Transcribe the records from the line containing "this 2000×1500 image." onward, up to and including the final line, exactly and without anything else.
*** Opening of Exercise material ***
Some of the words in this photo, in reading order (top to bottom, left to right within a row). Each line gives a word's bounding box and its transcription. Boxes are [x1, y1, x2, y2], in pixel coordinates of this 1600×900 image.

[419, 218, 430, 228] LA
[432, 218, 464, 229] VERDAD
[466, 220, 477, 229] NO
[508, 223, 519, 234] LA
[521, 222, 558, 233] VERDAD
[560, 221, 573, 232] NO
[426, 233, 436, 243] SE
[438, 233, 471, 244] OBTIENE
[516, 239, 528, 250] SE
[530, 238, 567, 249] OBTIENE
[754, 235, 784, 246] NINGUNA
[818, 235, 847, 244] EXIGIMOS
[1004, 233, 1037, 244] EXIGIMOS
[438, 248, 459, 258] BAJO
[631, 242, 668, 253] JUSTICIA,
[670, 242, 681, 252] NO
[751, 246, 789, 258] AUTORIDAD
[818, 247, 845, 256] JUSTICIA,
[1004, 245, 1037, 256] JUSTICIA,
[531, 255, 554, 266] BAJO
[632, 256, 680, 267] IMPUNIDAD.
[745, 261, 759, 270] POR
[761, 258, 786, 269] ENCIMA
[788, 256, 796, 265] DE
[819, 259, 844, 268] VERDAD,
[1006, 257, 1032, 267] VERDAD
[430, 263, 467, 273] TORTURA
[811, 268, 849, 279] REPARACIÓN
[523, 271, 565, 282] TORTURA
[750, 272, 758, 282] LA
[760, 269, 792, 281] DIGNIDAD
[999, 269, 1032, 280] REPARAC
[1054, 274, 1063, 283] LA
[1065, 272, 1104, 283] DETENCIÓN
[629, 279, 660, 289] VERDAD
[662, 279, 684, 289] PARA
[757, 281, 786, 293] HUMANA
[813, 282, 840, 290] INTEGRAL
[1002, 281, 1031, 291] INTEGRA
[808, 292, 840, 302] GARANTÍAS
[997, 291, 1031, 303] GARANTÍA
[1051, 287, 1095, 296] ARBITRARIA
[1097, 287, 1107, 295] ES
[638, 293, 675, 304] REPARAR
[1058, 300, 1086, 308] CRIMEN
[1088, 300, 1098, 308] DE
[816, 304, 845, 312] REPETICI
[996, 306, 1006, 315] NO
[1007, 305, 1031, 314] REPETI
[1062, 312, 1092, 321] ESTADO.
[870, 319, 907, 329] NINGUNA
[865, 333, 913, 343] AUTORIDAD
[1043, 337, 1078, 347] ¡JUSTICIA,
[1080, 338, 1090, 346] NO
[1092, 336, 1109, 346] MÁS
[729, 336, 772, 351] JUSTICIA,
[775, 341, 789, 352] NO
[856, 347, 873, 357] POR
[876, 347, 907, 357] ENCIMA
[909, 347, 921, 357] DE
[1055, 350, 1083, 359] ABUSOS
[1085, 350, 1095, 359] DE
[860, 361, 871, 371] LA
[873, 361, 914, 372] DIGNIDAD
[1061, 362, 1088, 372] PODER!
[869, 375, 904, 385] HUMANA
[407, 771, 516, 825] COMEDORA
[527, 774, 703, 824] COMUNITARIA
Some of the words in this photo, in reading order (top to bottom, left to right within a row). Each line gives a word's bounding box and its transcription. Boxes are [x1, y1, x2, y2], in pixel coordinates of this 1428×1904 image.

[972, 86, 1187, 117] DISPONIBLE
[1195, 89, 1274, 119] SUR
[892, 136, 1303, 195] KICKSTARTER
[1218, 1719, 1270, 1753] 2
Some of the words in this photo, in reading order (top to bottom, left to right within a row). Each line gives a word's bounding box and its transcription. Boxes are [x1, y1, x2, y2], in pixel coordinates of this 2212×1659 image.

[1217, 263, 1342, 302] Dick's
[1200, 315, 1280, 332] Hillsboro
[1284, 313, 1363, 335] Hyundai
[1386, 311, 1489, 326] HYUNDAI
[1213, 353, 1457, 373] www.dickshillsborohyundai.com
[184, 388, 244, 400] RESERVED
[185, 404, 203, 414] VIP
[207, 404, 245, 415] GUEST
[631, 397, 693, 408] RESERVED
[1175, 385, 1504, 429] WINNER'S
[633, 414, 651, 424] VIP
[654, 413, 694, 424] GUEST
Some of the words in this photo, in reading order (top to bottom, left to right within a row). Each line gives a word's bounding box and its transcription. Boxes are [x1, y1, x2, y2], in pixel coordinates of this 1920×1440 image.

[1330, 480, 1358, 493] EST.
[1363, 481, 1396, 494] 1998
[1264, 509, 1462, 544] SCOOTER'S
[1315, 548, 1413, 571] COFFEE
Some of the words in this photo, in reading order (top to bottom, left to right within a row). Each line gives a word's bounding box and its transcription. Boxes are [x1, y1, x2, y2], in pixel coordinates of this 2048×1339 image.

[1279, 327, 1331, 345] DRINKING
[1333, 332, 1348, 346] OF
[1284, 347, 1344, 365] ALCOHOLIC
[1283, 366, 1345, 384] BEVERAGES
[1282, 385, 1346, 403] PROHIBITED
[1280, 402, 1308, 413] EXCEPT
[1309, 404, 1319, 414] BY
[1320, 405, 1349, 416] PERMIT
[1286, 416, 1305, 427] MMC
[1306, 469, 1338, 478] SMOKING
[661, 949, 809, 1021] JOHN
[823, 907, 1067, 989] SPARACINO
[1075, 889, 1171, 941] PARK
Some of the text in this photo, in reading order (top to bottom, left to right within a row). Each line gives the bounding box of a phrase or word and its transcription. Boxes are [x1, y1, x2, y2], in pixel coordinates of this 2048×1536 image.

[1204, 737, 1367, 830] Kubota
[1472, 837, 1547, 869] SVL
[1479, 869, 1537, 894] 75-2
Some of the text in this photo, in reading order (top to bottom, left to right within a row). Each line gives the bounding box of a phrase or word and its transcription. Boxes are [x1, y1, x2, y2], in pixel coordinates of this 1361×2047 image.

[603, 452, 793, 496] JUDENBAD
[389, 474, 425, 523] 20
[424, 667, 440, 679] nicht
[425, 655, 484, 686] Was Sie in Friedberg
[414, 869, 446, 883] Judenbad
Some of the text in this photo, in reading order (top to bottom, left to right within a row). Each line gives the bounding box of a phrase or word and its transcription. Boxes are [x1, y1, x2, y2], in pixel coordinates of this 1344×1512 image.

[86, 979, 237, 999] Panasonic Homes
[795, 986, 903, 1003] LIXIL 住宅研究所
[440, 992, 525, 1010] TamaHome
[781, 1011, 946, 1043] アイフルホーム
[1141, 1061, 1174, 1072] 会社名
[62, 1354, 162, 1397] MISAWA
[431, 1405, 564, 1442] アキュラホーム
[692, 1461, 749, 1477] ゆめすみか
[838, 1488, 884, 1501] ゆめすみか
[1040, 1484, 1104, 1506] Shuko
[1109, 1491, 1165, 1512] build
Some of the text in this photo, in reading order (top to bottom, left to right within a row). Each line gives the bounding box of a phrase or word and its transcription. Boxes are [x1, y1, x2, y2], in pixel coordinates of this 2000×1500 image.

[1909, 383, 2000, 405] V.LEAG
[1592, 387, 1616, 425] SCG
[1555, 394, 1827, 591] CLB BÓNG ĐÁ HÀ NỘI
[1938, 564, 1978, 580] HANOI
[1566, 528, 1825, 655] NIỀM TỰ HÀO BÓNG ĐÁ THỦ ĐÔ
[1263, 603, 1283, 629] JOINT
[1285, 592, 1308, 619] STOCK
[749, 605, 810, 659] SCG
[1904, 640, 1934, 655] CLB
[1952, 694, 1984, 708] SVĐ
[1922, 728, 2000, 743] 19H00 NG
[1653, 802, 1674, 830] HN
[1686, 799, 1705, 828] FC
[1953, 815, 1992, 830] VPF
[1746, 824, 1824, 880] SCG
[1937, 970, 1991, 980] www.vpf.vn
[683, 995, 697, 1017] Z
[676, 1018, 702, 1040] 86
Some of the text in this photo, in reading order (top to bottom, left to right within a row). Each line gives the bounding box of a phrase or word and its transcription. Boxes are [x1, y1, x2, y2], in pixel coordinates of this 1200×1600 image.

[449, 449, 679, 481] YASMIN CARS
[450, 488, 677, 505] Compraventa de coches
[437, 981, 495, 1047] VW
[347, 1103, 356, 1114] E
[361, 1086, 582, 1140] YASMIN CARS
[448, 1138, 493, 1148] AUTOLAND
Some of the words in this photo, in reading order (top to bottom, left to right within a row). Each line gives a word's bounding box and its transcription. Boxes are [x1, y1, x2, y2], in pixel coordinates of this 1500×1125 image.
*** Close of Exercise material ***
■ The answer ■
Some of the text in this photo, in reading order (top to bottom, left to right within a row). Each line gives the bounding box of a phrase or word and its transcription. Boxes are [x1, y1, x2, y2], in pixel coordinates of this 2000×1500 image.

[1909, 383, 2000, 405] V.LEAG
[1592, 387, 1616, 425] SCG
[1555, 394, 1827, 591] CLB BÓNG ĐÁ HÀ NỘI
[1938, 564, 1978, 580] HANOI
[1566, 528, 1825, 655] NIỀM TỰ HÀO BÓNG ĐÁ THỦ ĐÔ
[1263, 603, 1283, 629] JOINT
[1285, 592, 1308, 619] STOCK
[749, 605, 810, 659] SCG
[1904, 640, 1934, 655] CLB
[1952, 694, 1984, 708] SVĐ
[1922, 728, 2000, 743] 19H00 NG
[1653, 802, 1674, 830] HN
[1686, 799, 1705, 828] FC
[1953, 815, 1992, 830] VPF
[1746, 824, 1824, 880] SCG
[1937, 970, 1991, 980] www.vpf.vn
[683, 995, 697, 1017] Z
[676, 1018, 702, 1040] 86
Some of the text in this photo, in reading order (top to bottom, left to right within a row). Each line gives the bounding box of a phrase or word and its transcription. Boxes are [x1, y1, x2, y2], in pixel coordinates of this 1200×1600 image.

[449, 449, 679, 481] YASMIN CARS
[450, 488, 677, 505] Compraventa de coches
[437, 981, 495, 1047] VW
[347, 1103, 356, 1114] E
[361, 1086, 582, 1140] YASMIN CARS
[448, 1138, 493, 1148] AUTOLAND
Some of the words in this photo, in reading order (top to bottom, left to right within a row). Each line gives a word's bounding box and its transcription. Boxes are [x1, y1, x2, y2], in pixel coordinates of this 1500×1125 image.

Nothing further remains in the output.